The film, for dramatic purposes, portrays Brigham as struggling for inspiration and revelation. All historic accounts of him reveal that he was one of the most inspired religious and social leaders of all time, and that he had perfect confidence in what he was doing.
There is also an overemphasis on desenters within the thousands of Mormons who went west to Utah. There were some, but the majority loved Brother Brigham and felt inspired in what they were doing, which was leaving to build a home for peace and religious freedom.

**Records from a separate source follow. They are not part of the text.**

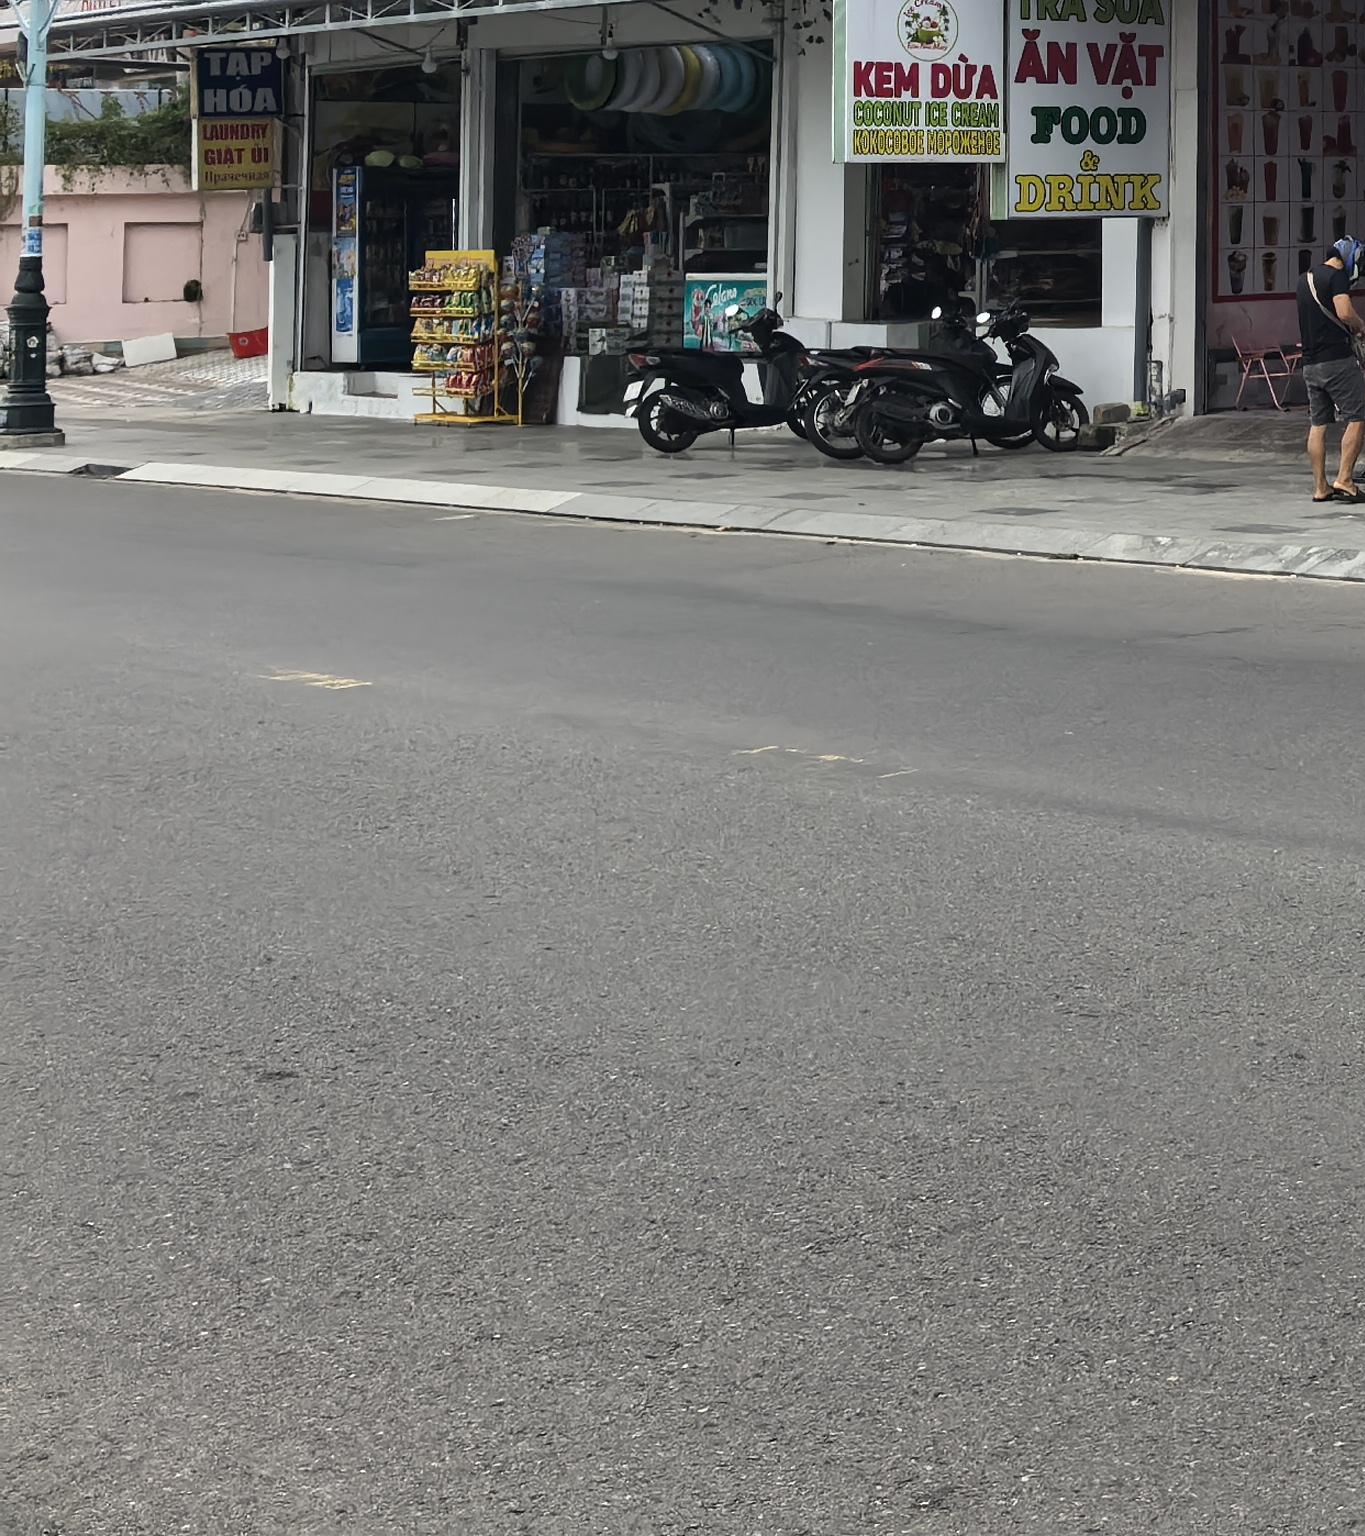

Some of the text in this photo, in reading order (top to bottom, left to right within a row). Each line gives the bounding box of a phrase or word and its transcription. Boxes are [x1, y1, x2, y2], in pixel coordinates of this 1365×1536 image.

[204, 52, 272, 80] TẠP
[853, 53, 998, 100] KEM DỪA
[1014, 28, 1164, 100] ĂN VẶT
[204, 84, 276, 112] HÓA
[853, 100, 1000, 128] COCONUT ICE CREAM
[1031, 106, 1146, 144] FOOD
[202, 124, 268, 141] LAUNDRY
[853, 130, 1000, 155] КОКОСОВОЕ МОРОЖЕНОЕ
[1080, 150, 1100, 172] &
[1015, 173, 1161, 212] DRINK

Also, the Mormons did not flee the day Joseph Smith was killed, nor did they leave in a hail of bullets. It was nearly two years before they actually left Illinois for Utah. They were also not a scruffy bunch as portrayed by a few of the actors, but for the most part were refined and benevolent people, not given to rowdiness.
Despite all this, you still find the film on sale in Mormon bookstores.This is because it is overall a well-made film about an important part of America's make-up. By the way, Dean Jagger became a Mormon later in life. Actor Moroni Olson was a Mormon all his life, born in Utah, appearing in 100 feature films.